Without any images, write the listing below out word for word.

┄┄┄┄┄┄┄┄┄┄

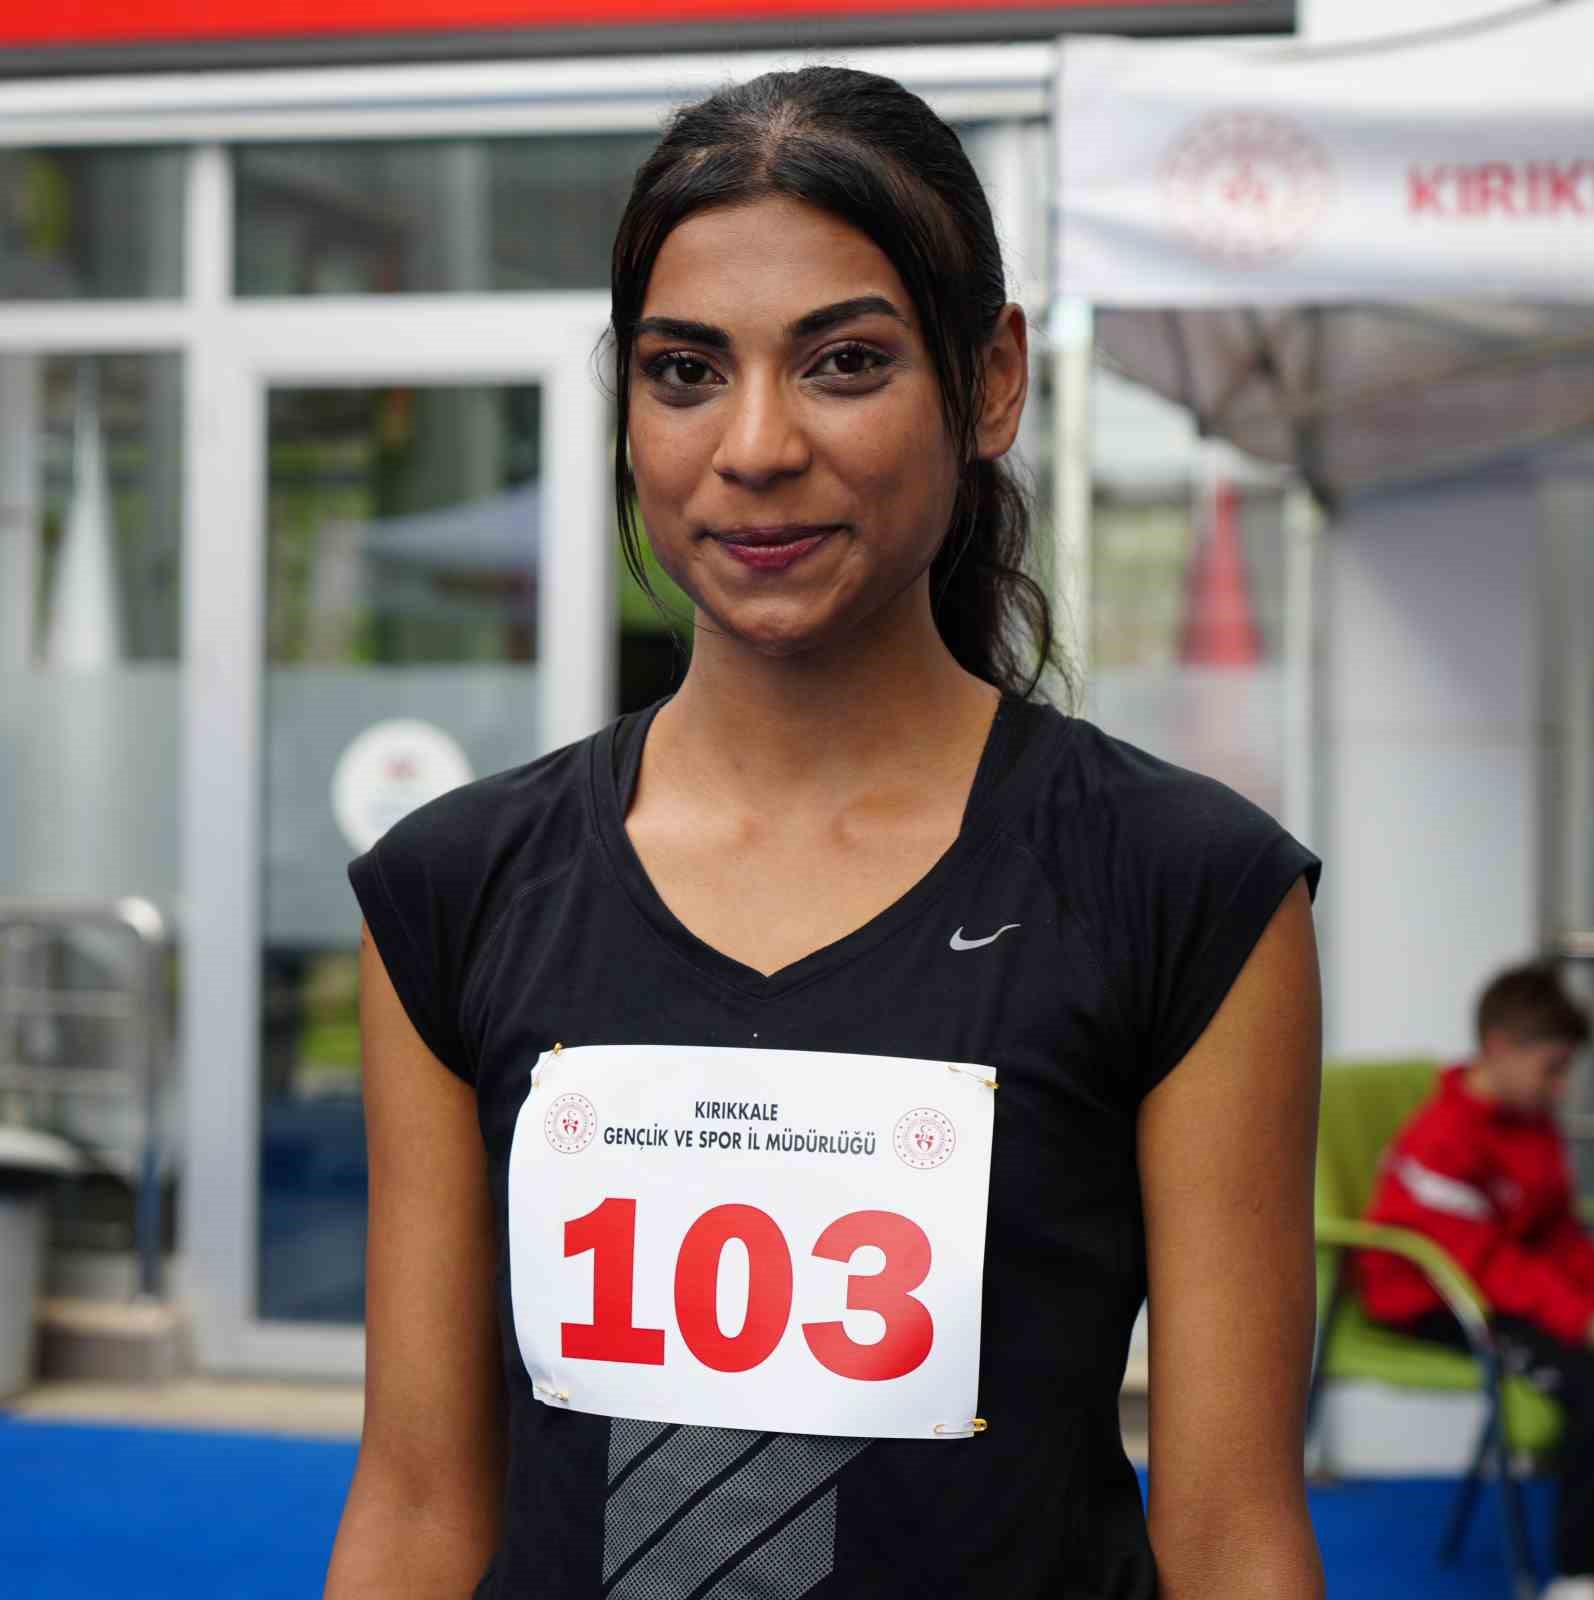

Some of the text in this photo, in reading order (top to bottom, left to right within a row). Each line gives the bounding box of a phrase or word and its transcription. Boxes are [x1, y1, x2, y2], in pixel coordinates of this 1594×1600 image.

[695, 1101, 778, 1121] KIRIKKALE
[604, 1123, 669, 1150] GENÇLİK
[674, 1130, 694, 1147] VE
[699, 1131, 742, 1150] SPOR
[748, 1126, 760, 1150] İL
[766, 1128, 876, 1155] MÜDÜRLÜĞÜ
[561, 1197, 934, 1382] 103

┄┄┄┄┄┄┄┄┄┄

• **Answer for this exercise**
Some of the text in this photo, in reading order (top to bottom, left to right within a row). Each line gives the bounding box of a phrase or word and its transcription. Boxes are [x1, y1, x2, y2], in pixel coordinates of this 1594×1600 image.

[695, 1101, 778, 1121] KIRIKKALE
[604, 1123, 669, 1150] GENÇLİK
[674, 1130, 694, 1147] VE
[699, 1131, 742, 1150] SPOR
[748, 1126, 760, 1150] İL
[766, 1128, 876, 1155] MÜDÜRLÜĞÜ
[561, 1197, 934, 1382] 103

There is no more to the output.